Beware of Tax Loan Services (For Property Taxes) in Texas

24 Oct Beware of Tax Loan Services (For Property Taxes) in Texas

The Texas Tax Code now allows Texans who own real property in Texas to take out a loan with a third party to pay past due property taxes. However, these loans come at an otherwise unnecessary and exorbitant cost to the borrower (property owner). If a borrower, whose real property is mortgaged, decides to pay past due taxes through a third party loan, the third party entity steps into the taxing authority’s shoes. his third party is entitled to charge interest in excess of the taxing authority from whom the tax lien was purchased. Currently, the taxing authorities may charge 12% interest but the third party entities are allowed to charge up to 18% interest. Additionally, the third party entity (the lien transferee) has the ability to foreclose on the property in the event that the borrower defaults under the terms of the loan. If the mortgage lender/servicer does not satisfy the tax transfer lien prior to the foreclosure sale, the mortgage lender/servicer may redeem the property post-foreclosure – but at a higher price. The Texas Tax Code allows the tax transferee to charge the mortgage lender/servicer a 25% premium for redemption of the property.

Effective September 2, 2007, Section 32.06 of the Texas Tax Code was amended to provide additional protections for consumers, including a bifurcated foreclosure process, additional notice provisions, and licensing requirements for the tax loan lenders.

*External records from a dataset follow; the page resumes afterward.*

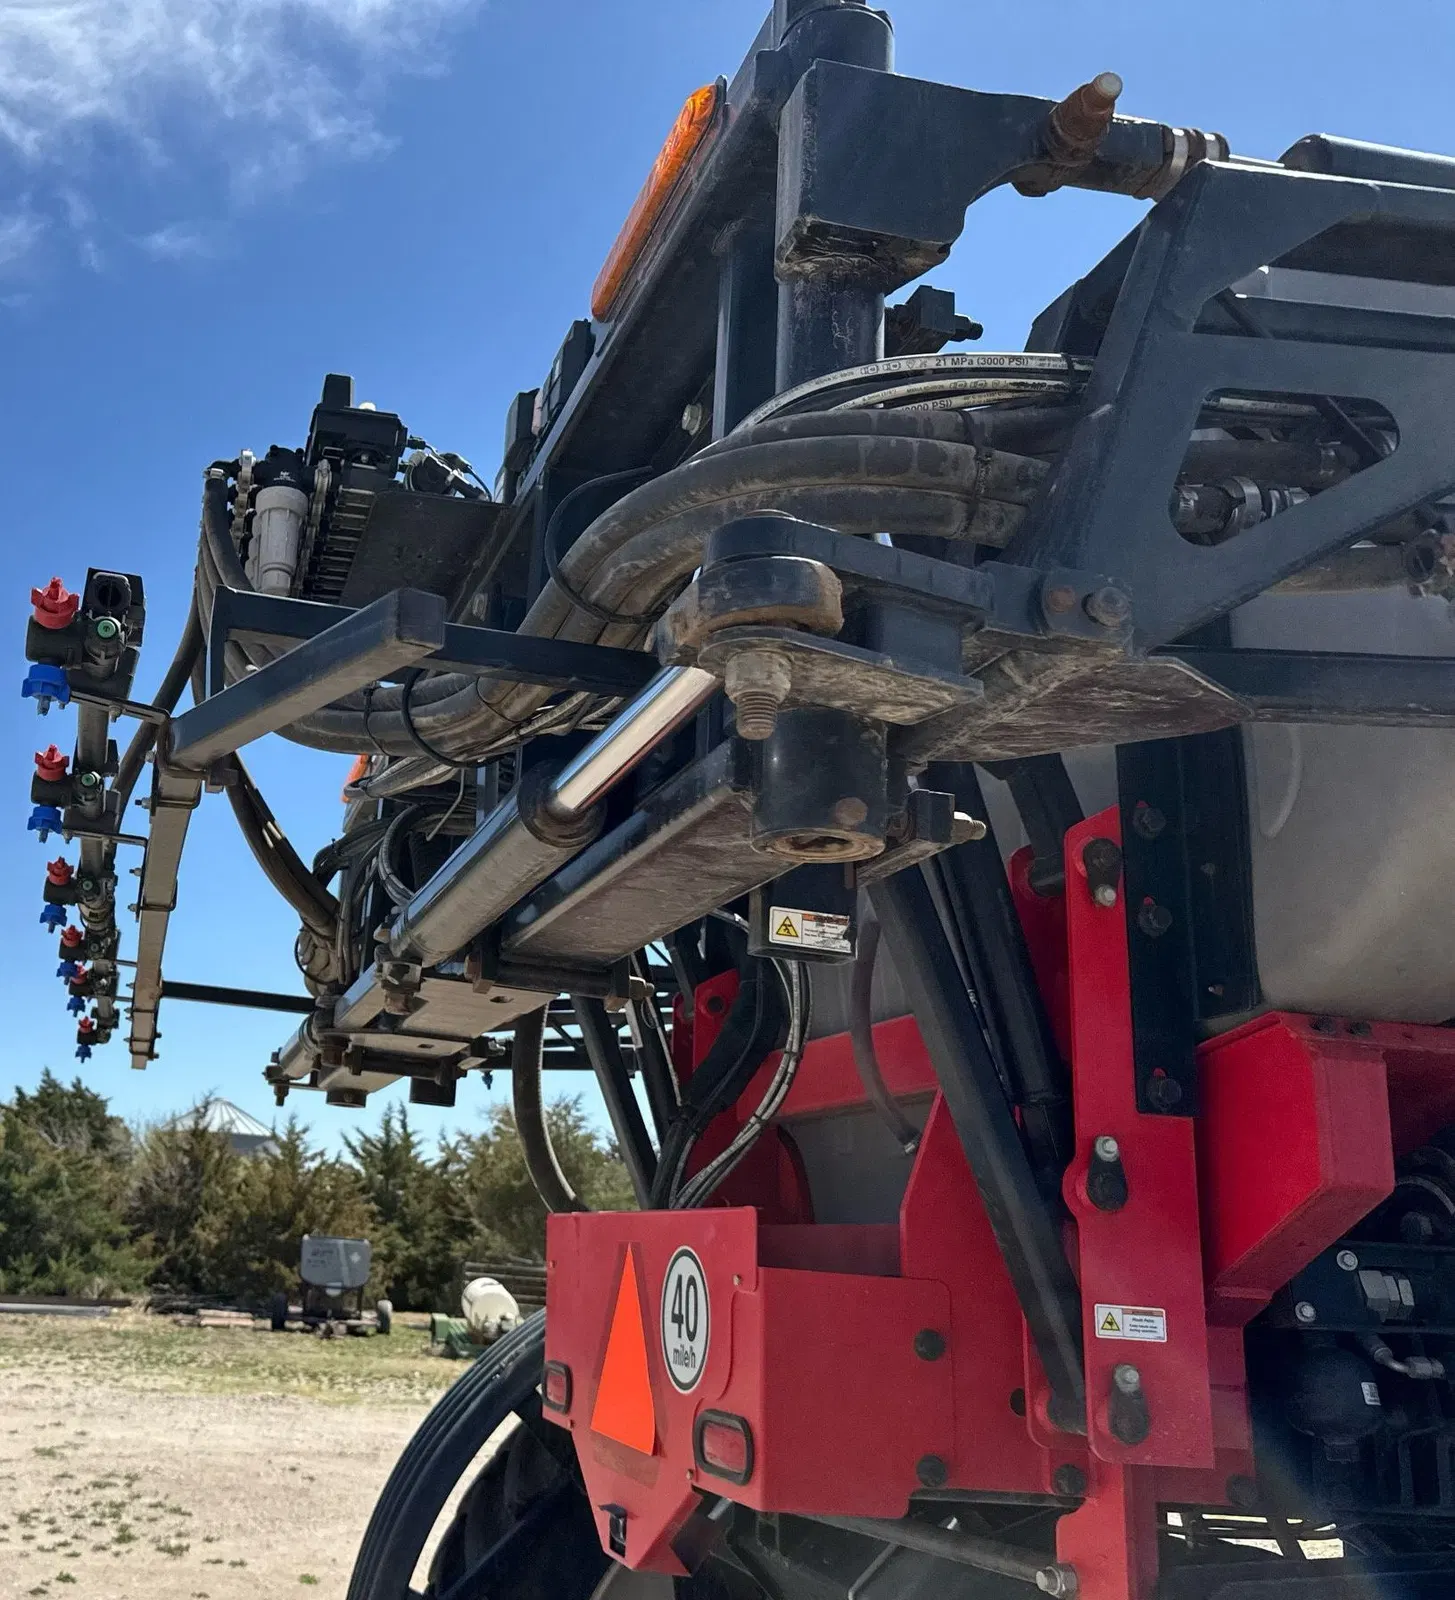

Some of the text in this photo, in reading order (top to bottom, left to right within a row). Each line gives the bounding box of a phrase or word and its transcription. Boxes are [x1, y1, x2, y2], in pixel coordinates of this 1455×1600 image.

[935, 357, 947, 367] 21
[951, 357, 974, 366] MPa
[977, 356, 1005, 367] (3000
[1008, 356, 1029, 366] PSI)
[671, 1274, 698, 1342] 40
[673, 1344, 696, 1369] mile/h

As a bankruptcy attorney, it would be prudent to see if the mortgage lender would pay off the tax lien prior to the debtor filing bankruptcy. For instance, if the debtor owes $10,000 in past due property taxes to Harris County and then files bankruptcy, the taxes would be included in the Chapter 13 Plan at 12% interest. However, if the mortgage lender pays the taxes prior to the bankruptcy case being filed, the tax debt is now part of the pre-petition escrow shortage and must be provided for in the plan at 0% interest. If, on the otherhand, the debtor takes out a tax loan from XYZ Tax Loan Service the interest rate will be up to 18% if the underlying contract provides for such a high interest rate.  (See In re Davis, 352 R.R. 651 (Bankr.N.D. Tex. 2006).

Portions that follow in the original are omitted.